What we need to do: To answer these questions we need research that includes a budget for extensive pathology and histology. We need studies that look at the modes of action of the various antibiotics against spirochetes. We need more pharmacological studies and newer and better antibiotics. We need studies that investigate adjunct therapies that address patients lingering symptomatic sequela post treatment. If nothing else we need better delivery systems for the medicines
we already have.
In the 1950s it was recognized that penicillin did not consistently get into the brains of Tertiary Syphilis patients. Only when the CNS was extremely inflamed or if the drug was given in gigantic single doses did penicillin enter the brain in therapeutic levels. So some clinicians in desperation tried to inject penicillin directly into the brain only to discover that this induced seizures. Now fifty years later we are faced with a very similar dilemma.
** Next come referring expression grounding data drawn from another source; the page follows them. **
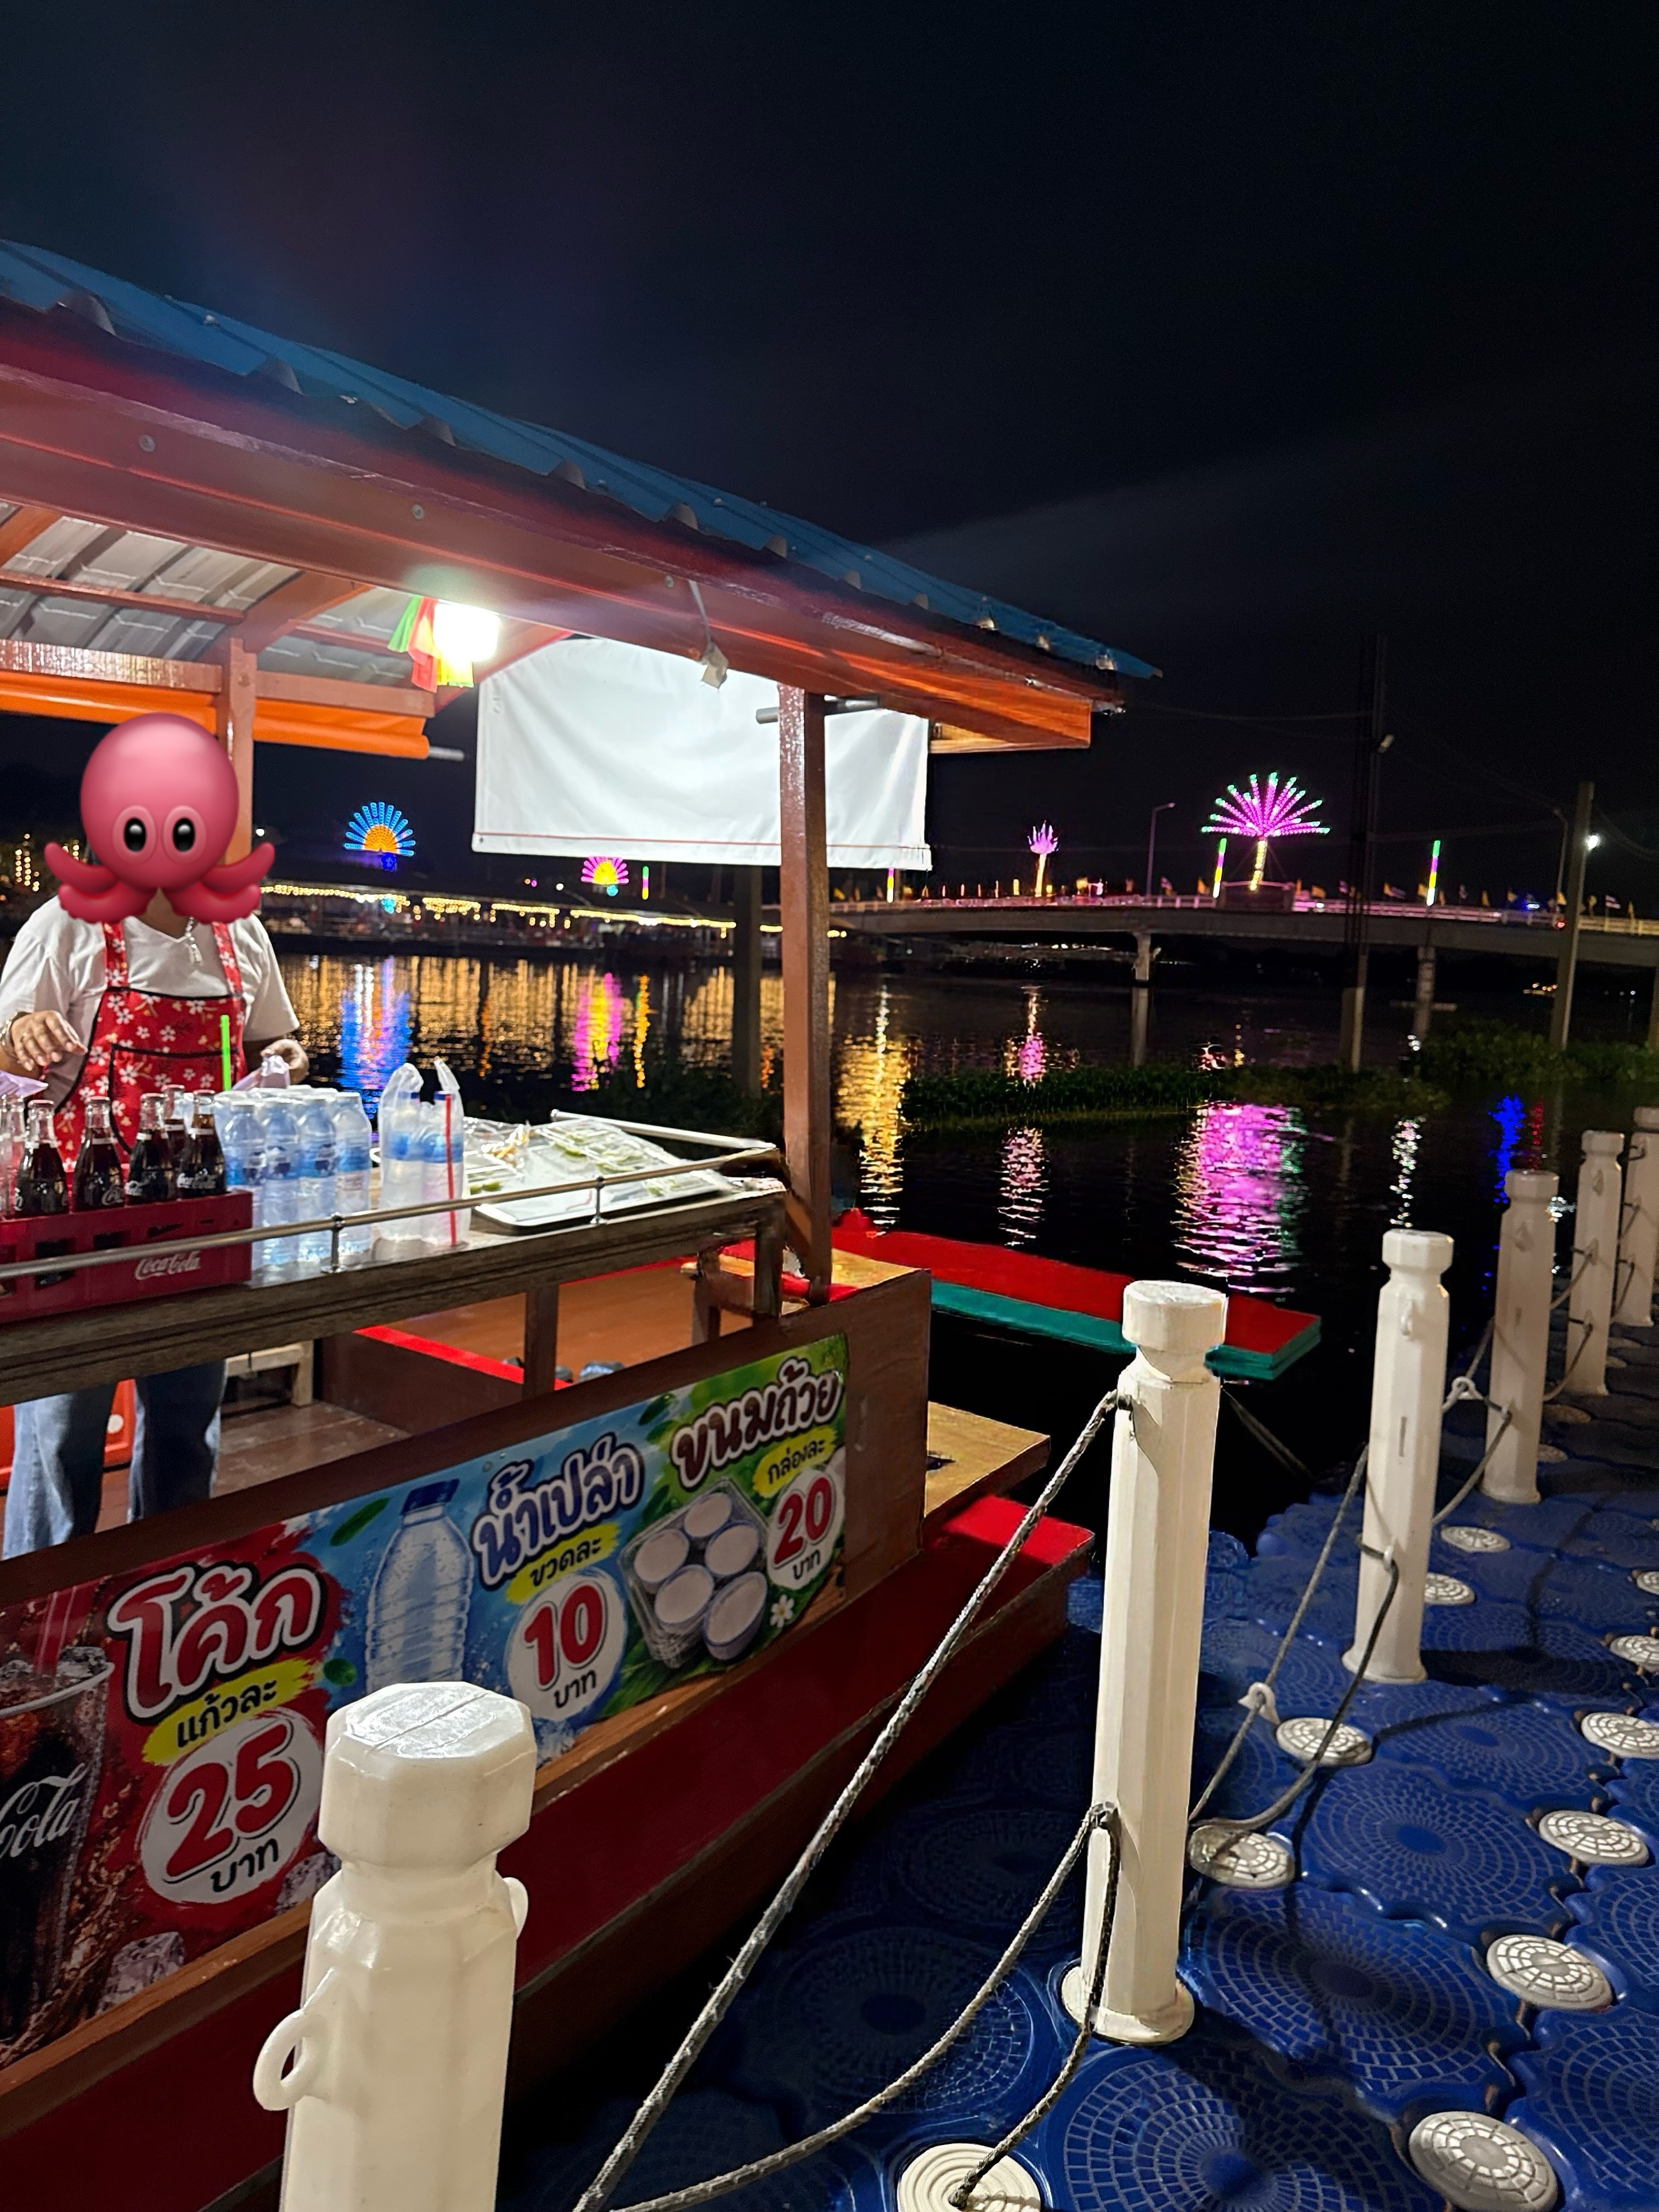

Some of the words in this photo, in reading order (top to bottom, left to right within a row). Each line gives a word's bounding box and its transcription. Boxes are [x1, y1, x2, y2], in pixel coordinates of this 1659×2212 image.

[135, 1251, 201, 1280] Coca-Cola
[671, 1356, 845, 1487] ขนมถ้วย
[767, 1436, 826, 1485] กล่องละ
[473, 1432, 644, 1587] น้ำเปล่า
[772, 1476, 833, 1567] 20
[531, 1537, 602, 1587] ขวดละ
[793, 1548, 821, 1580] บาท
[109, 1566, 323, 1719] โค้ก
[524, 1583, 605, 1690] 10
[177, 1678, 276, 1748] แก้วละ
[554, 1671, 596, 1707] บาท
[167, 1718, 296, 1877] 25
[211, 1837, 279, 1892] บาท
How do we get amoxicillin and other inexpensive and readily available drugs into the CNS? One potential answer is more research in better delivery systems to deliver the drug into the CNS. Another option is to add fat soluble carrier molecules or to use micronized antibiotics encapsulated in lipids. Of course there is no uarantee of success with these and other methods, but drug companies do not pursue this area of research, the market is perceived as being too limited. But if you expand these delivery systems beyond Lyme for such diseases as fungal infections of the brain, then the market is much larger! Once again the World Health Organization may be a source to stimulate this kind of research.
Conclusion: To do these studies that have never been done, we need to put a stop to the impediments hindering good research. Until the studies are done no one has the answers. And we won’t find the answers if we don’t invest more money into more and better designed studies. What Lyme disease has lacked in the past twenty five years has been research dollars that focus on the pathological disease process.